The serotonergic system shows a high structural plasticity in response to the genetically induced abrogation of 5-HT. Here, using confocal imaging and 3D modeling analysis we first studied whether the serotonergic system responds to 5-HT fluctuations within the peri-physiological range that may occur throughout an individual’s adult life. Subsequently, we investigated on the effects of these 5-HT oscillations during pre- and early post-natal developmental period. In the first study, chronically treating adult Tph2GFP knock-in mice with fluoxetine and subsequently suspending the treatment, we show that fluoxetine causes a reversible effect on mice behavior and also causes a reversible reduction in serotonergic fiber density in the hippocampus.
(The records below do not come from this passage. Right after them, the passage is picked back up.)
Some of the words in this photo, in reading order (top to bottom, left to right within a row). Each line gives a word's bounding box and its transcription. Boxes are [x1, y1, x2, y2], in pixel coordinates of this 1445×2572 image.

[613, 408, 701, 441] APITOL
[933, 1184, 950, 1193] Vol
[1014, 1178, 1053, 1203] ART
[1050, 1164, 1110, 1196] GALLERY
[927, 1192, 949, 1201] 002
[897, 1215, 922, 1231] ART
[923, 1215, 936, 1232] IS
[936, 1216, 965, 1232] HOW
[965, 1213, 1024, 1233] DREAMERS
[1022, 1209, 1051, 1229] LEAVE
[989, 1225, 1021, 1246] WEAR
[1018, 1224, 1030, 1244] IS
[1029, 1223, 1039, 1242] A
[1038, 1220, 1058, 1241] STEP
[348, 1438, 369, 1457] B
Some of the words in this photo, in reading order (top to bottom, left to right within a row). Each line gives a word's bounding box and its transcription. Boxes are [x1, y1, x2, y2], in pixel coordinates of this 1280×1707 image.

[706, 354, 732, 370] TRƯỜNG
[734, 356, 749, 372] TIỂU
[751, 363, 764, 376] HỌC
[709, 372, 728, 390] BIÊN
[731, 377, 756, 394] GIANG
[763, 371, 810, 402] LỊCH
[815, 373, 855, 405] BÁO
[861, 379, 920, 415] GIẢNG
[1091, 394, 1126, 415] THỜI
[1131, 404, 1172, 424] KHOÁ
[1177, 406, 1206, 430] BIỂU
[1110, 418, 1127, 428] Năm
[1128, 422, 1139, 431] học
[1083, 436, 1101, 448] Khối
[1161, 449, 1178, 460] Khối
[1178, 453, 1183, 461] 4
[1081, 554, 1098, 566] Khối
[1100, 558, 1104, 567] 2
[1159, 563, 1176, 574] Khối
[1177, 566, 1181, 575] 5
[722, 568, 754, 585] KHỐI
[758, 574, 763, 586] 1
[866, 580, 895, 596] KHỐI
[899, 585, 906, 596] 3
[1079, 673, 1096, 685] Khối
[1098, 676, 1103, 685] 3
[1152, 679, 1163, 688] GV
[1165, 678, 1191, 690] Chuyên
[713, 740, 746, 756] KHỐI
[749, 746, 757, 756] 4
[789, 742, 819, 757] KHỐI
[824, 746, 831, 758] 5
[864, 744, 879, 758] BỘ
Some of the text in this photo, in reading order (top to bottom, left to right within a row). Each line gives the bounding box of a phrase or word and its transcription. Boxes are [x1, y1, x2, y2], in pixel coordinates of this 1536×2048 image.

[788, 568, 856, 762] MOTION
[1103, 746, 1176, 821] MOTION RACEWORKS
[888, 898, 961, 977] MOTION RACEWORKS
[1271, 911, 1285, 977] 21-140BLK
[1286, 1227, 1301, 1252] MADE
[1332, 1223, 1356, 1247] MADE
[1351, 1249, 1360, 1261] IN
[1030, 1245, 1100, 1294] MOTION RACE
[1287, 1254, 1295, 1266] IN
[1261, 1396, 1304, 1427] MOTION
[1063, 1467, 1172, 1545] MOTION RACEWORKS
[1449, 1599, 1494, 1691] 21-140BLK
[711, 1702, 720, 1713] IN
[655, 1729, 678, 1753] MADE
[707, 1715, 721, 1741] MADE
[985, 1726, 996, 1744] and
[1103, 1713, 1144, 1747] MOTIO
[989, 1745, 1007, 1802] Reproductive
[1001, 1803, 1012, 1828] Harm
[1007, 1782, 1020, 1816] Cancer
Then we mimic the human fluoxetine intake by treating Tph2GFP female mice throughout the gestation and lactation period until weaning. We investigate the effect of this treatment on adult offspring, demonstrating an increase in anxiety- and depressive-like behavior that confirm the “behavioral paradox” reported in literature. Then we analyze the serotonergic wiring in the offspring hippocampus during post-natal development up to adulthood and aging, showing that fluoxetine treatment affects irreversibly the morphology of 5-HT fibers by reducing the fiber density. Overall, these data show that a change in 5-HT homeostasis that occurs when the nervous system is already formed (adulthood) causes reversible alterations to the serotonergic wiring, whereas if this oscillation occurs during development it irreversibly impacts the serotonergic circuitry and behavior.